China introduced collective wage negotiation in the early 1990s. About 1.25 million collective contracts had been signed by the end of 2009, covering more than 2 million enterprises and almost 162 million employees, according to ACFTU statistics.
Many local governments incorporated collective wage negotiation into their economic and social development plan, Zhang noted.
"Twenty-three provincial legislatures or governments have implemented regulations to boost collective negotiation as well as coordination among workers, employers and trade unions," he said.
Local unions have trained some 60,000 "guiders" who understand related laws and know how to protect employee rights to help in wage negotiations, he said.
China has seen an increasing number of labor disputes in recent years, with more workers resorting to strikes for higher pay.
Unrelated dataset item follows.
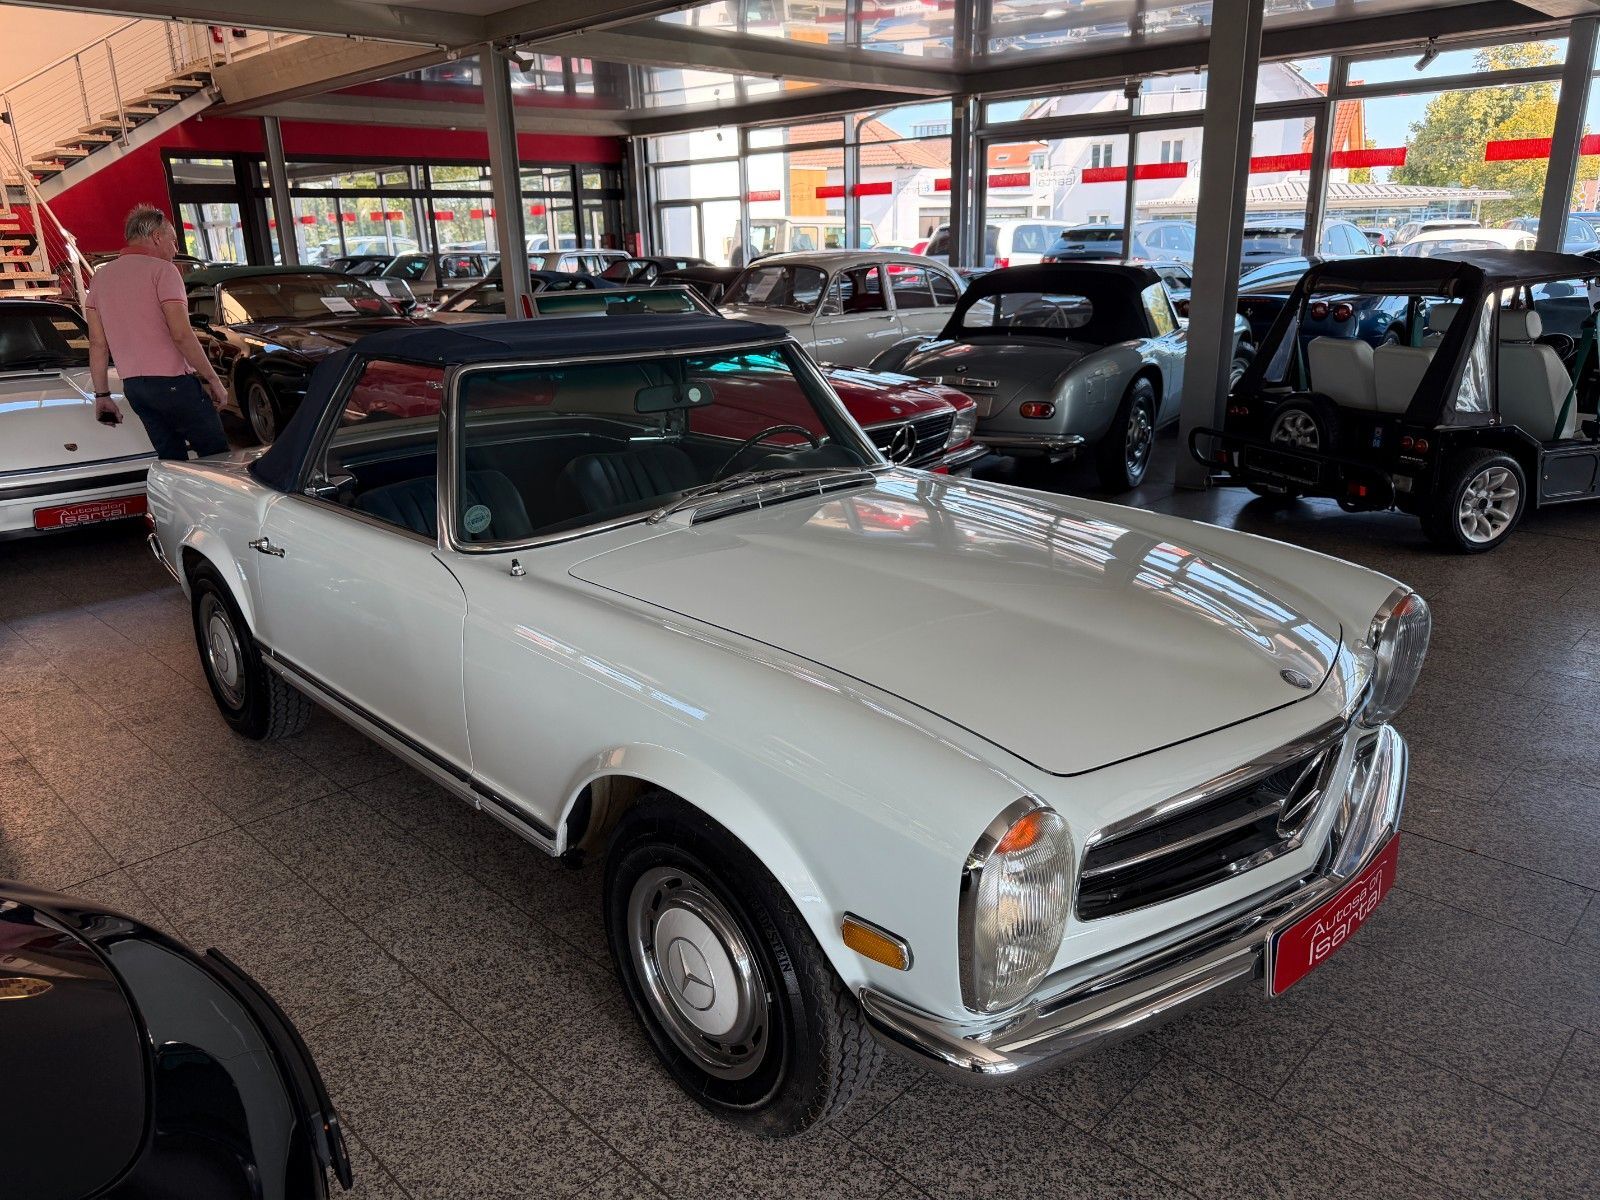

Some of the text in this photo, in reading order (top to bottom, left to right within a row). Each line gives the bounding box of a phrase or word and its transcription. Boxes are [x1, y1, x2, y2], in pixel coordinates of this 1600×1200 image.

Mediation organizations received some 406,000 labor dispute cases in 2010, a year-on-year rise of 12.1 percent, according to ACFTU figures.
ACFTU spokesman Li Shouzhen said low pay, and the slow pace of wage rises, were to blame.
Collective wage negotiation has led to the establishment of a reliable wage increase mechanism in some places, Zhang said.
"Wages of employees in enterprises that adopt collective wage negotiation are 10 percent to 15 percent higher than their counterparts without the protection of the mechanism," he said.
In some industries in Wuxi, Jiangsu province, workers' wages have grown by 5 percent to 10 percent annually in recent years after collective wage negotiation was adopted. In Tianjin's Hedong district, the yearly wage increase ranged from 10 percent to 22 percent, he said.
Besides, surveys carried out by local union federations show that most entrepreneurs think collective negotiation helps stabilize labor relations, Zhang said.
Zhang said the number of labor disputes received by Shanghai's labor mediation sector dropped 11 percent in 2009 from the previous year thanks partly to collective negotiation.
But there are many obstacles before collective negotiation can be extended to cover enterprises nationwide, he added.
"Some local governments have not realized the significance of collective negotiation to boost regional economic and social development.
"Many employers are not willing to sit down and talk about wages with their workers," he said.
Zhang said the lack of laws and regulations has also hampered the negotiating process.
Currently, there is no law in China requiring companies to sign collective contracts with employees, which explains why there is little incentive for them to do so.
To overcome this problem, Zhang said his organization will push the top legislature and the central government to amend related laws so that they spell out negotiating procedures and punishments for violators.
The ACFTU will also guide enterprises, especially private and overseas-funded, to conduct collective negotiation, he said.
About 80 percent of enterprises in China are privately run or foreign-funded, employing about 75 percent of the country's total urban workforce, according to the National Bureau of Statistics.
By the end of last year, 79 percent of overseas-funded companies and 78.5 percent of private companies had set up trade unions, ACFTU figures showed. The ACFTU plans to have trade unions widely established in the country's enterprises by 2012.
"We will also urge local labor departments to release the suggested wages for workers and regional labor costs and to detail the cost of labor in various industries (so that unions can refer to them in negotiations)," he said.
Zhao Wei, deputy director of the China Labor Studies Center at Beijing Normal University, said it will be some time before collective wage negotiation takes root.
"Many laborers, especially those in the construction and catering industries, are not aware of collective contracts. They don't have any leverage to force employers to sit down for wage negotiations," she said.
She suggested that workers should first become union members before they enter into wage negotiations with employers.